_Exercise details_
A faithful, complete transcript of the entries below, without pictures, should be returned.

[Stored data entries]

■ ■ ■

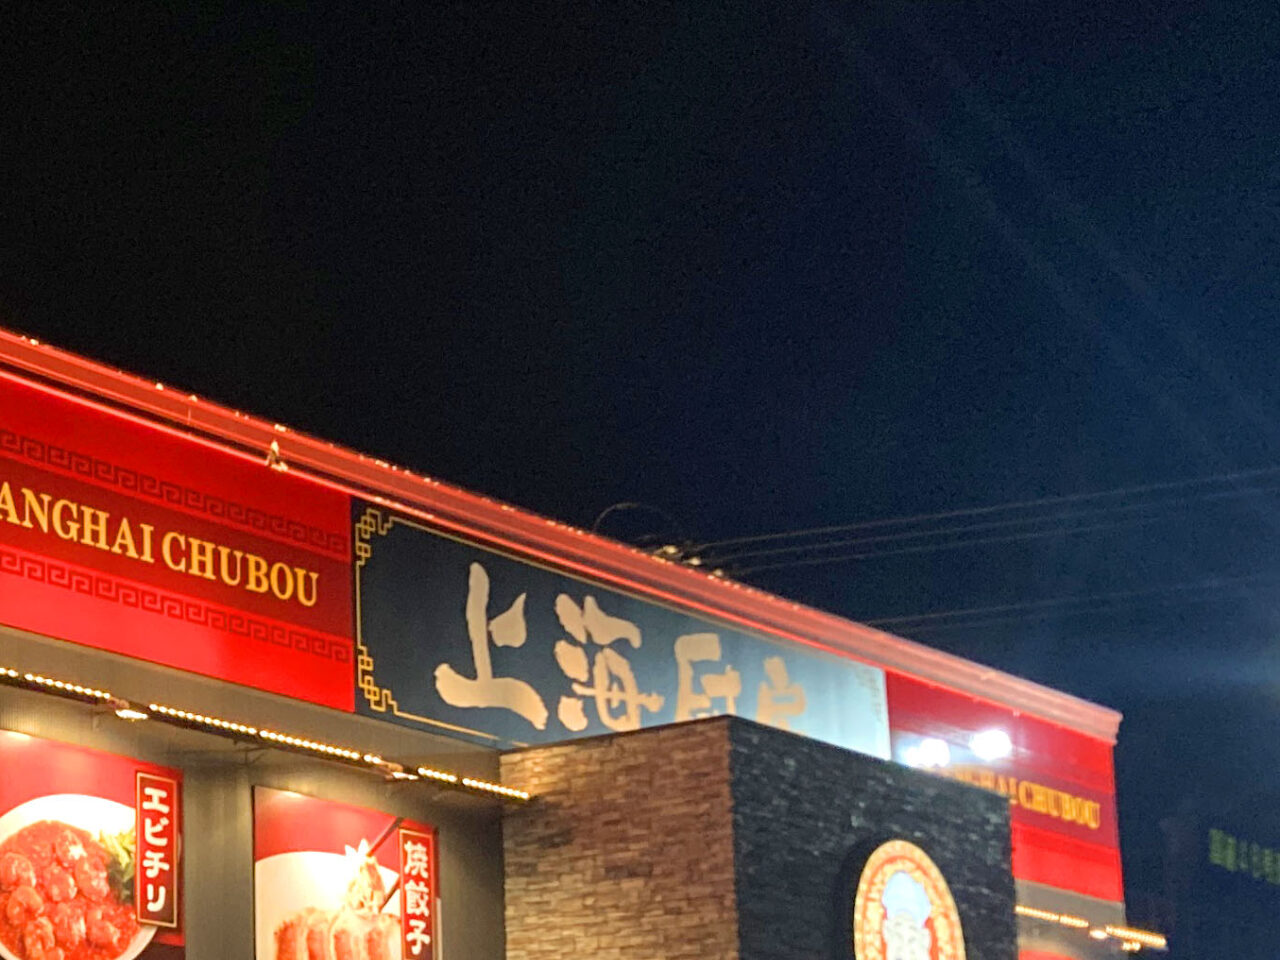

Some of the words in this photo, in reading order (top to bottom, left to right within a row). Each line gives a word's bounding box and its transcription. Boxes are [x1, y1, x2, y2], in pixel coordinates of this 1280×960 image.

[161, 530, 320, 607] CHUBOU
[142, 787, 170, 912] エビチリ
[404, 841, 431, 956] 焼餃子
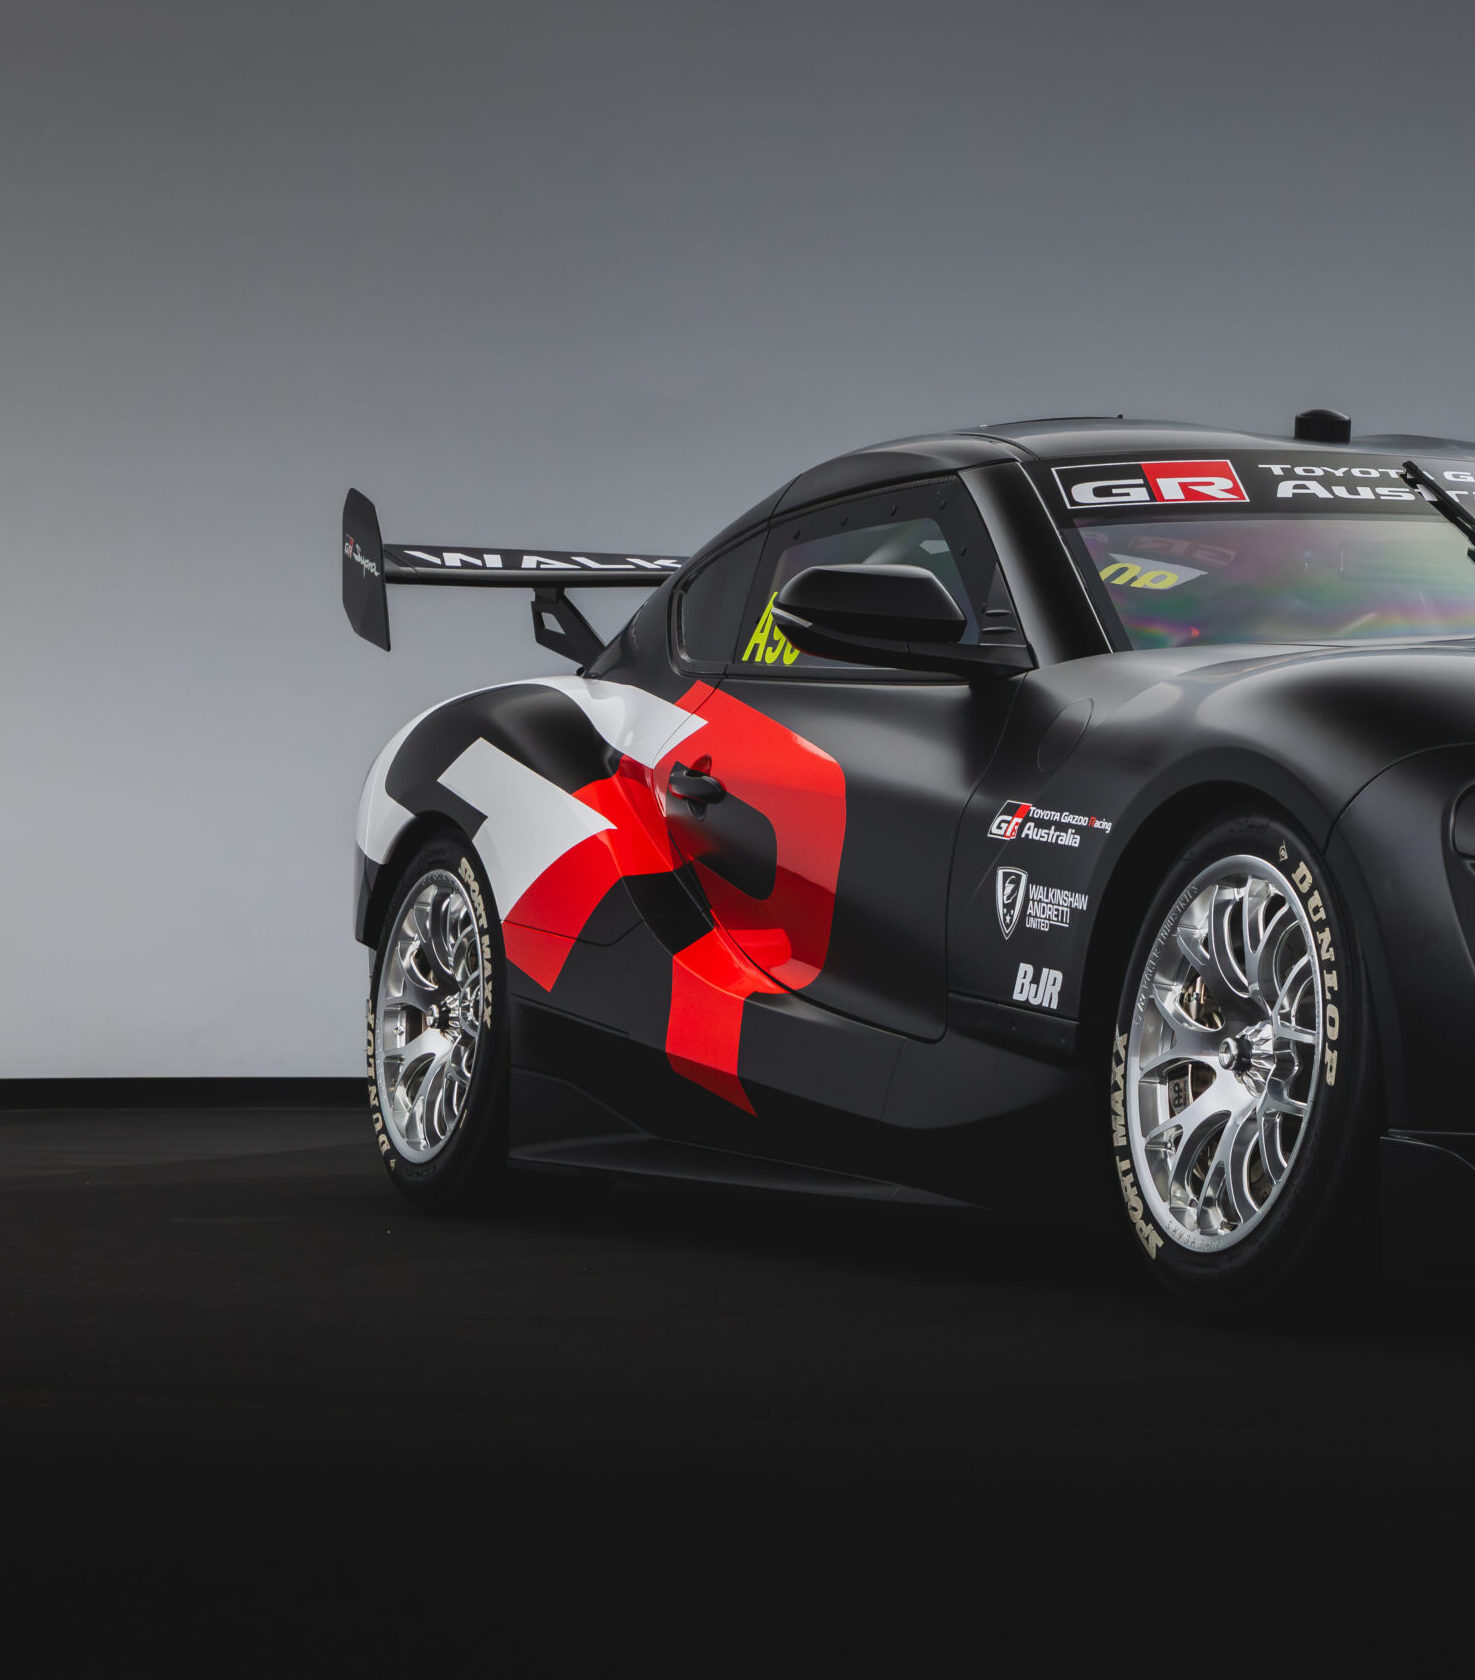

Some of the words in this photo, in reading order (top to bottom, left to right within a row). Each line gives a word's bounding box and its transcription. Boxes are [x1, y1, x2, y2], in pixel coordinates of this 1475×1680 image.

■ ■ ■

_Result for this task_
Some of the words in this photo, in reading order (top to bottom, left to right within a row). Each line gives a word's bounding box and its transcription. Boxes are [x1, y1, x2, y2], in pixel coordinates of this 1280×960 image.

[161, 530, 320, 607] CHUBOU
[142, 787, 170, 912] エビチリ
[404, 841, 431, 956] 焼餃子

Some of the words in this photo, in reading order (top to bottom, left to right within a row). Each line gives a word's bounding box and its transcription. Boxes are [x1, y1, x2, y2], in pixel coordinates of this 1475×1680 image.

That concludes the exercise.